Prayer! What a funny thing prayer is. I mean I guess I was always taught that it was a really simple thing… Just find a place where you can get on your knees and talk to God. Just talk to God and tell him what you need and tell him “thank you” for what you have, if you have a problem you should go to Him and talk to him. He is always listening…
Why then “praying” sometimes so “un-simple”? I mean I don’t buy all of that stuff I have been told through out the years. I don’t feel like we have the whole “prayer” thing all thought out. I go to my church and see them “praying“. A lot of people might say that we have some “world class” prayer people. I mean sometimes they just shout to God telling Him what their friend’s needs are and ask Him (extremely formally) to grant their wish. I also see those guys who pray all the time, I mean they like verbally talk to God all the time and go to special rooms to do so. I am not saying all these things are bad but I just have been struggling with it recently, just thinking that there is some more to this whole picture of “prayer”.
A few weeks ago I was talking to a friend about a drawing I have been working on.

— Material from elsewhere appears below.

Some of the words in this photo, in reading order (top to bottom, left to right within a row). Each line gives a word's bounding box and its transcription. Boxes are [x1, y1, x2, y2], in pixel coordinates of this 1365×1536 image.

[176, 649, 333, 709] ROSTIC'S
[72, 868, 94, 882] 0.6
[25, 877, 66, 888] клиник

A drawing that is made up of about a hundred portraits emphasizing all the poverty we have in the world. I was explaining to my friend that I wanted to confront Those who saw the drawing with the need for help. I was doing this by drawing portrait after portrait of people who were suffering. Weather it was a portrait of someone who doesn’t have a home or a person who was visually starving to death I wanted it to hit the audience. I commented to my friend on how hard it was for me sometimes, to draw all these people who were suffering. I told my friend that I could really feel for them and could only work on the drawing for a certain amount of time before I started feeling depressed. Well my friend told me that maybe I should pray for the guys while I draw them.

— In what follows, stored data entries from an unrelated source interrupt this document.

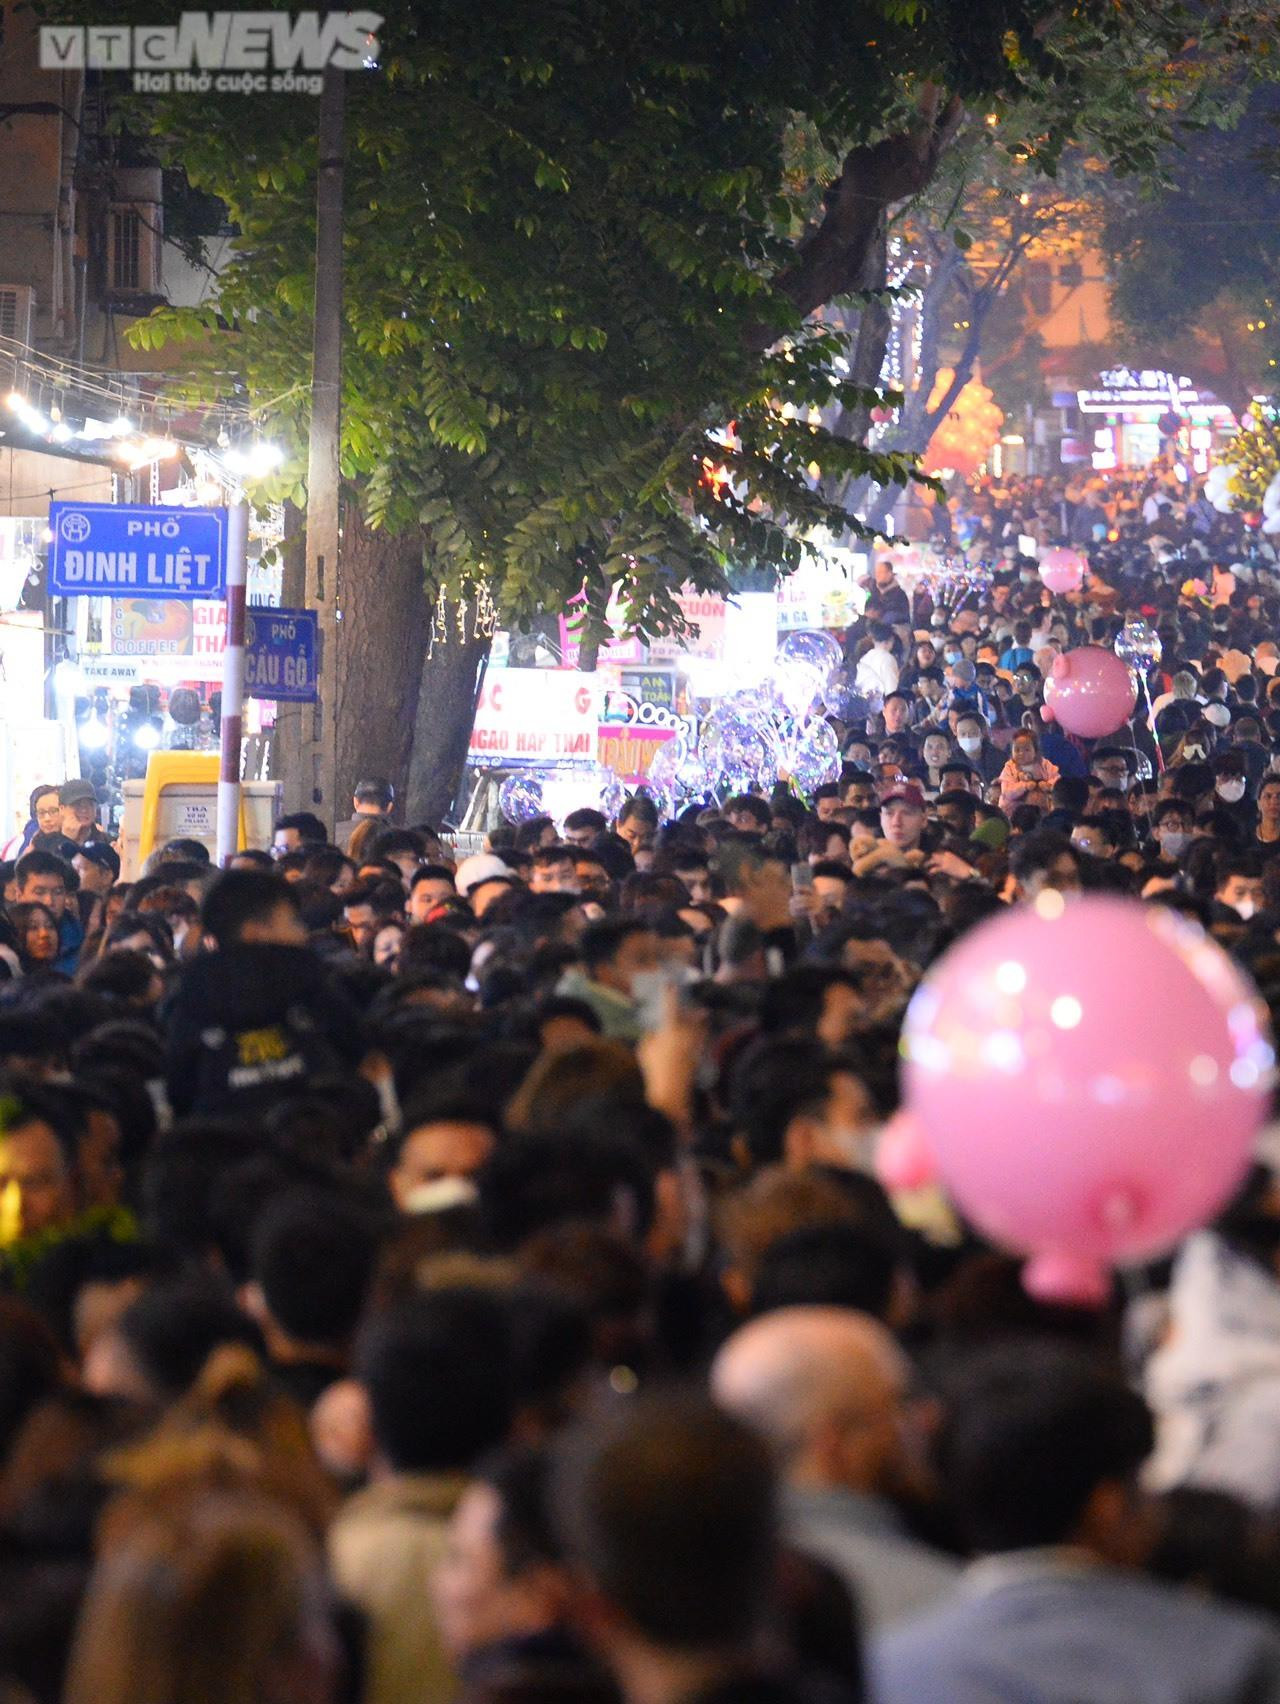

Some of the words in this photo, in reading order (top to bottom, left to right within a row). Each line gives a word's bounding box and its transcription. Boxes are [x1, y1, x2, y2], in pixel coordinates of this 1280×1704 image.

[127, 515, 182, 538] PHỐ
[65, 550, 138, 583] ĐINH
[147, 546, 212, 590] LIỆT
[115, 641, 179, 653] COFFEE
[85, 667, 108, 676] TAKE
[111, 667, 137, 677] AWAY
[284, 643, 307, 688] GỖ

I don’t know if I had a hard time with what he said or not but I did think about that comment for a long while after he said it. To tell you the truth, being told to pray is a pretty typical answer to one‘s problem. I get into a jam and have some problems and most of my friends think the best thing to do is pray. Now I don’t quite disagree with my friends all the time when they tell me to pray but I do think my friends don’t understand something. Most all my friends and I have grown up thinking that the way you pray is verbally and a picture (as good as it might be) is most certainly not a prayer.
However I realized that I was in fact praying. When I drew those portraits I was praying to God. I didn’t start that drawing project so I could be looked at as a “Great Artist”. I for sure did not do it for the money. I wanted to show these suffering people to others, including God. I was praying for each one of the people I drew by drawing them alone. I knew I could not do anything about the problem with just me but I knew the gift my Father gave -my art was my own special prayer.

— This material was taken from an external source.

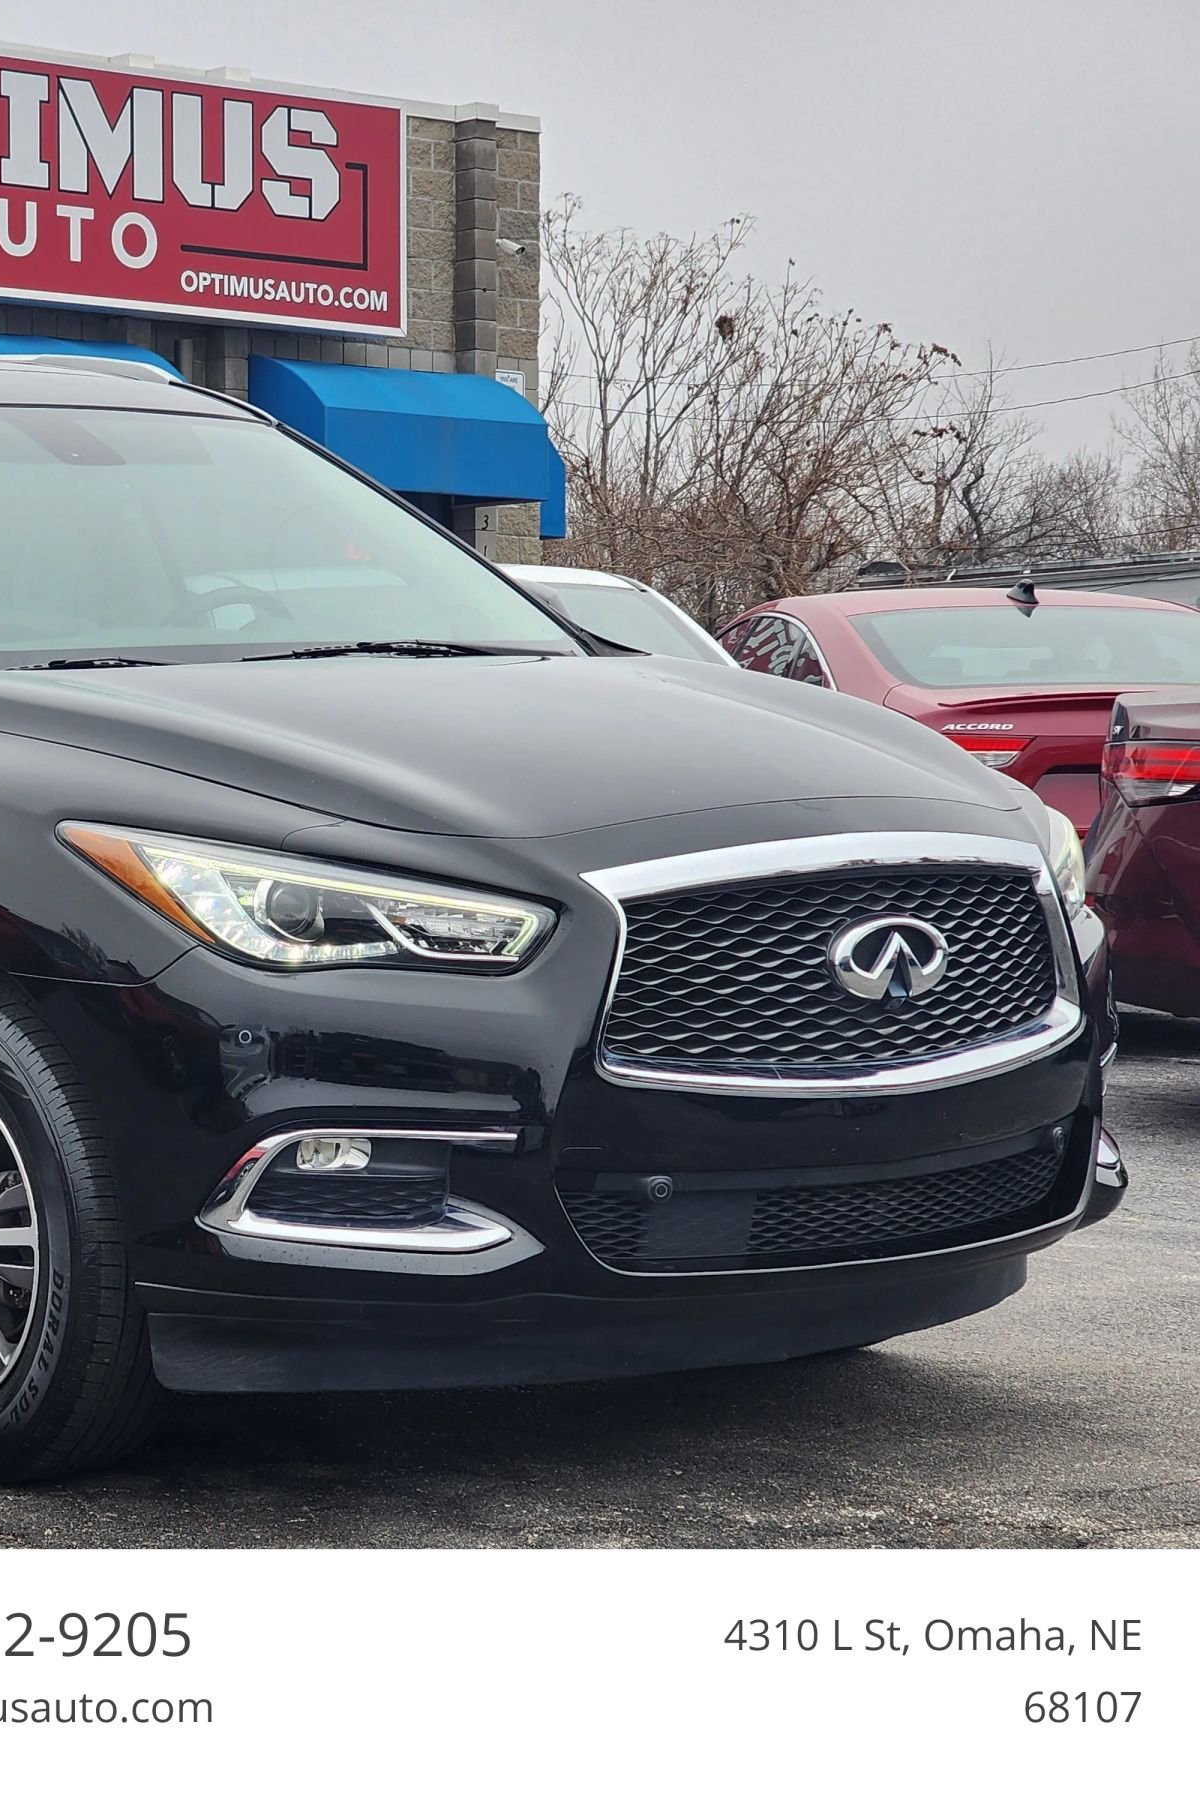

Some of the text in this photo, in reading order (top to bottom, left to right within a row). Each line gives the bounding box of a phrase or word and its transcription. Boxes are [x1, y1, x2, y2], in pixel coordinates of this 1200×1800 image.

[180, 270, 388, 312] OPTIMUSAUTO.COM
[940, 723, 1014, 731] ACCORD
[37, 1267, 65, 1373] DORAL

Just as a typical prayer is spoken out loud so others can hear what the person has said, my drawing was available so others could see what I was praying. I knew even when I started the drawing that it took God to do something about it. This has given me a great lesson not easily forgotten. Prayer can be more then words. Heck you don’t even need to talk. Think outside the box Prayer is communication with God. It comes in all sorts of shapes and sizes- visually, verbally even musically. As soon as it becomes repetitious words without meaning its value is diminished. The value behind the words and the art is what counts. How great is our God to whom gives us so many different ways to fellowship with Him?!